The exogenous pathway relies on the activation of death receptors on the cell surface. When extracellular death ligands (such as FasL, TNF and TRAIL) bind to death receptors (Fas, TNFR1, TRAILR1, TRAILR2), a death-inducing signaling complex (DISC) containing the intracellular death domain of the death receptor, Fas-associating death domain protein (FADD)/ TNFR1-associated death domain protein (TRADD) and caspase-8 was formed. Caspase-8 is activated through oligomerization and subsequently, cleaves procaspase-3 to generate caspase-3, eventually exogenous apoptosis. Activated caspase-8, on the other hand, cleaves BH3-interacting domain death agonist (BID) into truncated BID (tBID), promotes the translocation of tBID from the cytosol to the mitochondria, which contribute to MOMP, ultimately leading to apoptosis [30,31,32, 34] (Fig. 3A).

In conclusion, apoptosis is regulated by complex signal transduction pathways involving both endogenous and exogenous pathways. Understanding the mechanisms and interactions involved in apoptosis signal transduction is crucial for unraveling the intricate processes underlying cell death and survival and developing novel therapeutic strategies targeting apoptosis-related diseases.

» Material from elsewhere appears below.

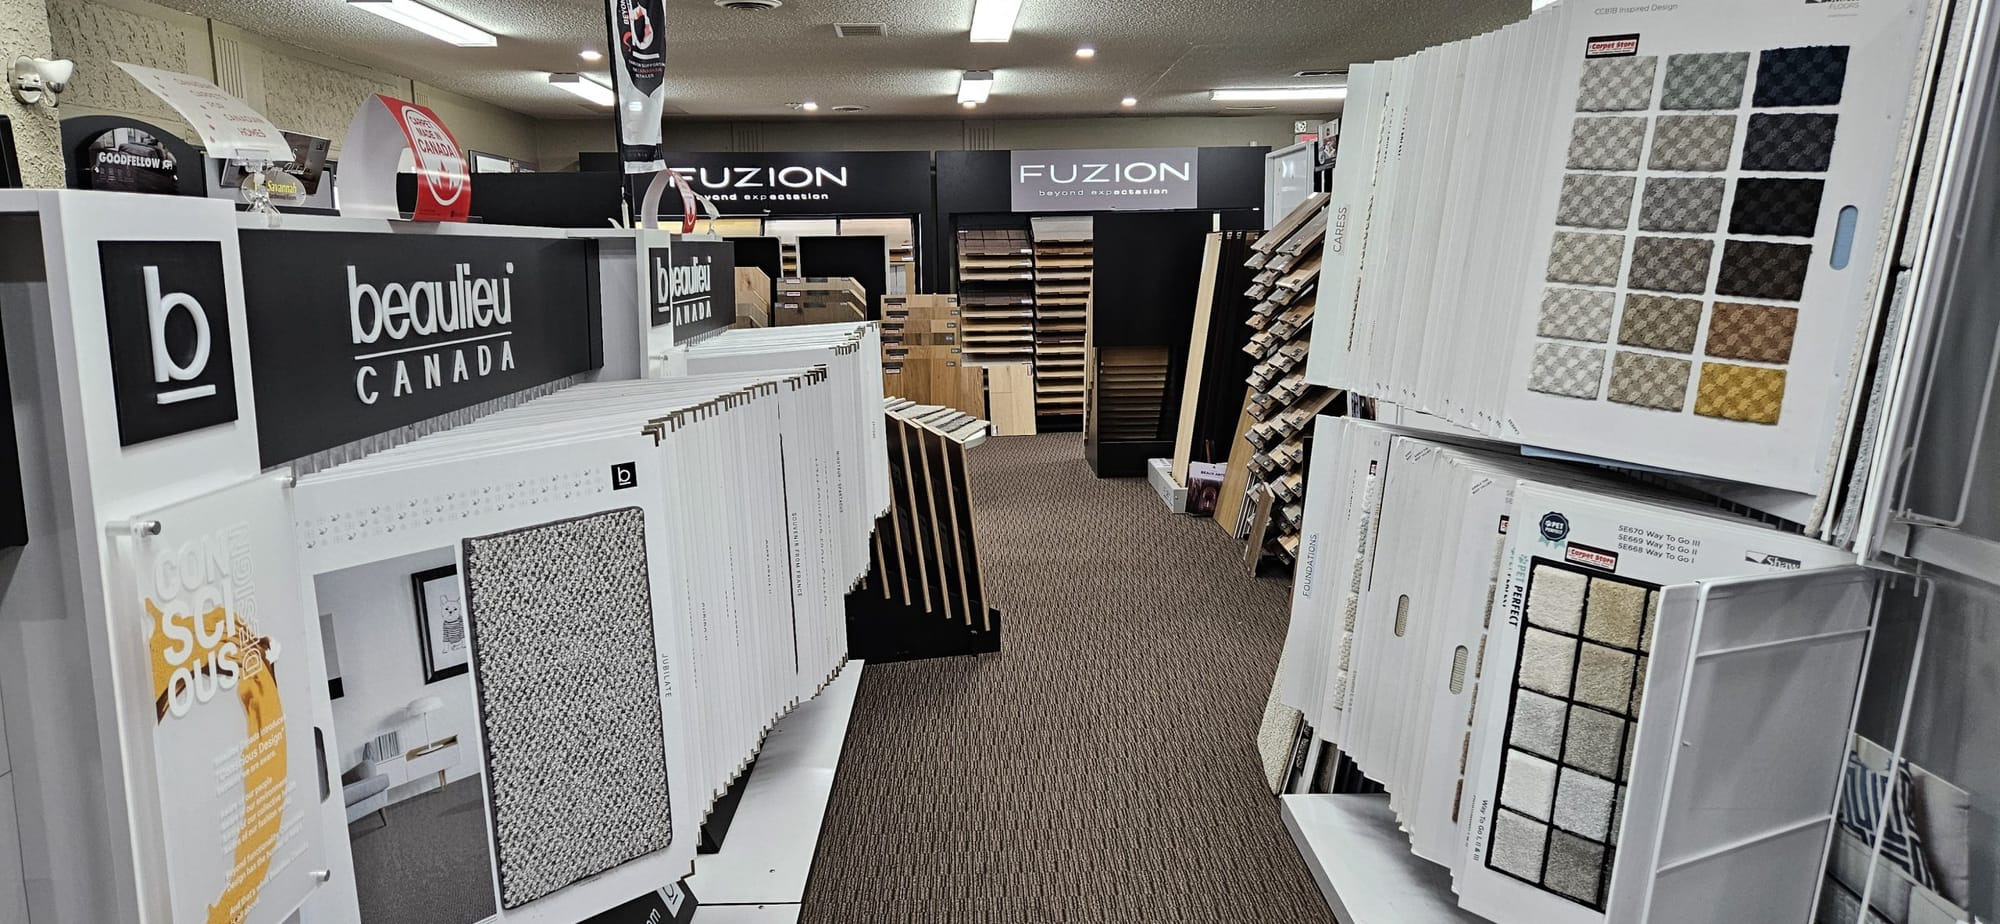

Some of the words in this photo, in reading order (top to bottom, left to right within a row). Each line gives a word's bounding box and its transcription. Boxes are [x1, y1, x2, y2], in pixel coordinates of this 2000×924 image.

Apoptosis and highly pathogenic coronaviruses: exploring the role of apoptosis in coronavirus pathogenesis

Traditionally, apoptosis has been regarded as a means for host cells to rescue themselves and facilitate viral clearance [35, 36]. However, compelling evidence is emerging to suggest that apoptosis can act as a double-edged sword, capable of benefiting both DNA and RNA viruses in promoting their self-replication [37, 38].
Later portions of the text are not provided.